- **What you need to do**
From the line containing "Some of the words" down to the final entry below, restate each line word for word.

Input data Start Marker

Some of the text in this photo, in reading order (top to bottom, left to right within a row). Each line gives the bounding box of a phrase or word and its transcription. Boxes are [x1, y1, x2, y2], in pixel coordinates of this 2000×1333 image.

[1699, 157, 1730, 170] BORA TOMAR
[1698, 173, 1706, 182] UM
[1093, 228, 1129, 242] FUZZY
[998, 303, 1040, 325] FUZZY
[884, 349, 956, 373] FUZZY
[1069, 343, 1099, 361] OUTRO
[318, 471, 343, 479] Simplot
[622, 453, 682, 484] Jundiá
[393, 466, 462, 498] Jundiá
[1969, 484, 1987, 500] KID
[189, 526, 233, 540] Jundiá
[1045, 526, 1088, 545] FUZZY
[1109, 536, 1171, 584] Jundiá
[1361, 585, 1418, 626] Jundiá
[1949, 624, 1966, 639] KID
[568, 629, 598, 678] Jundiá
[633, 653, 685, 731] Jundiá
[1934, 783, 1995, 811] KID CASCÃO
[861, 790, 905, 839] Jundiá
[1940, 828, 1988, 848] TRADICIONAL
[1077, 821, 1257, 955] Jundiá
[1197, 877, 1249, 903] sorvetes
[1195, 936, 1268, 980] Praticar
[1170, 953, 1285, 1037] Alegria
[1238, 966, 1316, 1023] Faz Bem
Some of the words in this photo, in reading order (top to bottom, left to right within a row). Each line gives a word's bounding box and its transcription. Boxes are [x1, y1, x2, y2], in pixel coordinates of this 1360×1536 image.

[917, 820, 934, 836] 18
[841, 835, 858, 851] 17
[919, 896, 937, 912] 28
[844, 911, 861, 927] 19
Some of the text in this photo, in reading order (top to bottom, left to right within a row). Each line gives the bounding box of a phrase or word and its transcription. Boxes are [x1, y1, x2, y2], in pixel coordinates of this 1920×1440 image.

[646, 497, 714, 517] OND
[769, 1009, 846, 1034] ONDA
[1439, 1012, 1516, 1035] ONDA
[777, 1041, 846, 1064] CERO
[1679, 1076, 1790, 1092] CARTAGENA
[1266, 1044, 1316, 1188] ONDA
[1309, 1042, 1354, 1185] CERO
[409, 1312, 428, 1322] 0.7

Input data End Marker

- **Written reply**
Some of the words in this photo, in reading order (top to bottom, left to right within a row). Each line gives a word's bounding box and its transcription. Boxes are [x1, y1, x2, y2], in pixel coordinates of this 1360×1536 image.

[917, 820, 934, 836] 18
[841, 835, 858, 851] 17
[919, 896, 937, 912] 28
[844, 911, 861, 927] 19
Some of the text in this photo, in reading order (top to bottom, left to right within a row). Each line gives the bounding box of a phrase or word and its transcription. Boxes are [x1, y1, x2, y2], in pixel coordinates of this 1920×1440 image.

[646, 497, 714, 517] OND
[769, 1009, 846, 1034] ONDA
[1439, 1012, 1516, 1035] ONDA
[777, 1041, 846, 1064] CERO
[1679, 1076, 1790, 1092] CARTAGENA
[1266, 1044, 1316, 1188] ONDA
[1309, 1042, 1354, 1185] CERO
[409, 1312, 428, 1322] 0.7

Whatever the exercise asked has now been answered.